The code says a crime of violence can encompass any offense “that is a felony and that, by its nature involves a substantial risk that physical force against the person or property of another may be used in the course of committing the offense.”

In reaching its decision to side with Dimaya, the Ninth Circuit applied an earlier SCOTUS ruling, Johnson v. United States. In Johnson, the high court found a residual clause used in the context of the Armed Career Criminal Act (ACCA) to be too vague. That clause was almost identical to the INA code .

The residual clause in ACCA  also made it difficult to know whether a particular crime would actually give way to violence.

How can one know the amount of force that might be applied in a burglary? If a home burglary occurs when the property is vacant, should the perpetrator remain subject to an aggravated felony charge?

Deputy Solicitor General Edwin S. Kneedler, arguing on behalf of Attorney General Loretta Lynch, attempted to avoid these ruminations.

Instead, Kneedler contended that concern over vague language found in the code should be dismissed in this instance since “the standard of vagueness application in an immigration proceeding is not the same as in a criminal proceeding.”

Kneedler later referenced Mahler v. Eby, a 1924 ruling that he said “indicated that there could be a looser standard of vagueness in immigration cases.”

But E. Joshua Rosencrantz, representing Dimaya, argued that the key distinction in his client’s case was precisely about the differences between immigration statutes and criminal statutes.

“The language has already been interpreted,” Rosencrantz told the justices.
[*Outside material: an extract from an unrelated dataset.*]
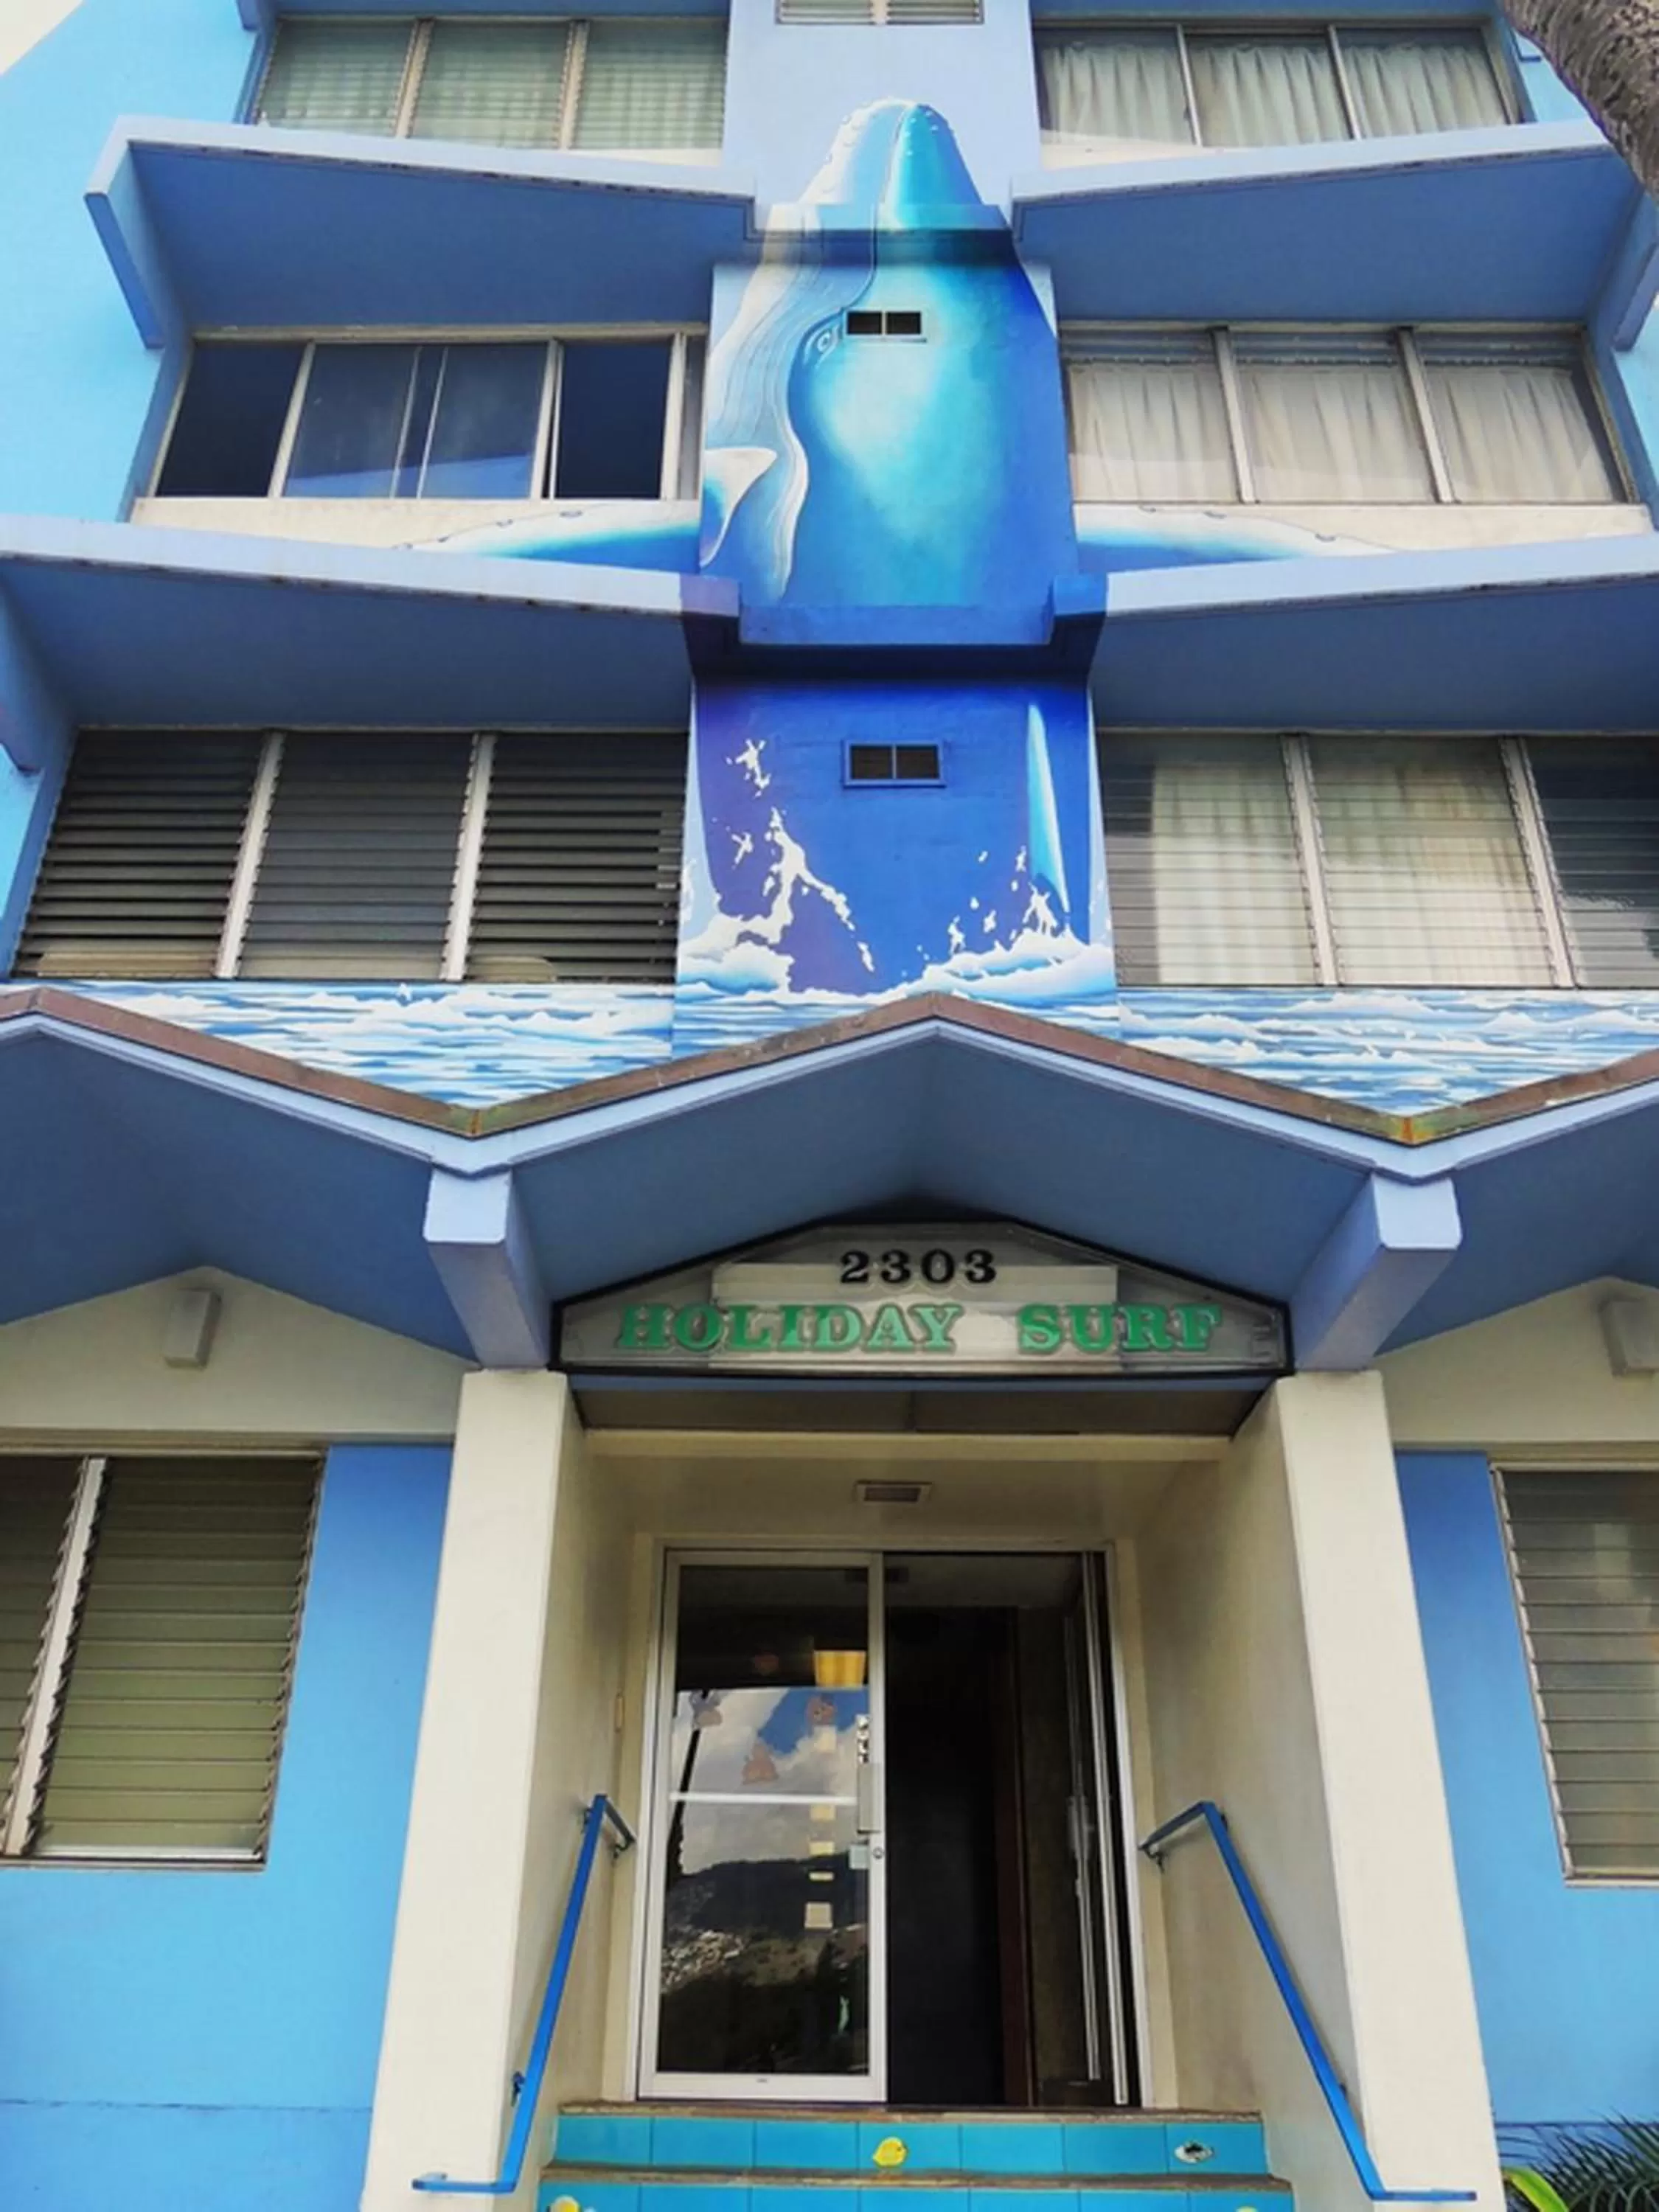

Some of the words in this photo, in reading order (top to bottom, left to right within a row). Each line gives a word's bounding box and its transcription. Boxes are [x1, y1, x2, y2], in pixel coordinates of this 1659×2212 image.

Mahler was a situation in which Congress has defined the crimes that would make you deportable. And the problem was that the attorney general could then exercise discretion as to whether he would deport you or not… But this Court said, no, the fact that there is discretion doesn’t bother us,” he said.

Justice Elena Kagan impatiently asked Rosencrantz if he merely wanted the court to write another opinion that “basically just repeats Johnson.”

As Rosencrantz concluded his argument, he offered a warning to the justices.

“If you look at our brief with the host of examples of circuit conflicts, they are all coming here,” he said. “They are all coming to this court, and this court will be overwhelmed with the exercise of trying to figure out what the ordinary case of each of those thousands of statutes is.”

Rosencrantz reminded the court of how it had been similarly overwhelmed and finally gave up the exercise in Johnson.

“So we know that it’s coming. We know where it’s going to end. So this court should just end it here and it should end now,” he said.

Kneedler also stepped forward for a few last words, but he was unable to avoid getting deeper into the muck around the role of administrative agencies like DHS.

Chief Justice Roberts, interrupting Kneedler before he could finish, announced that the case had been submitted.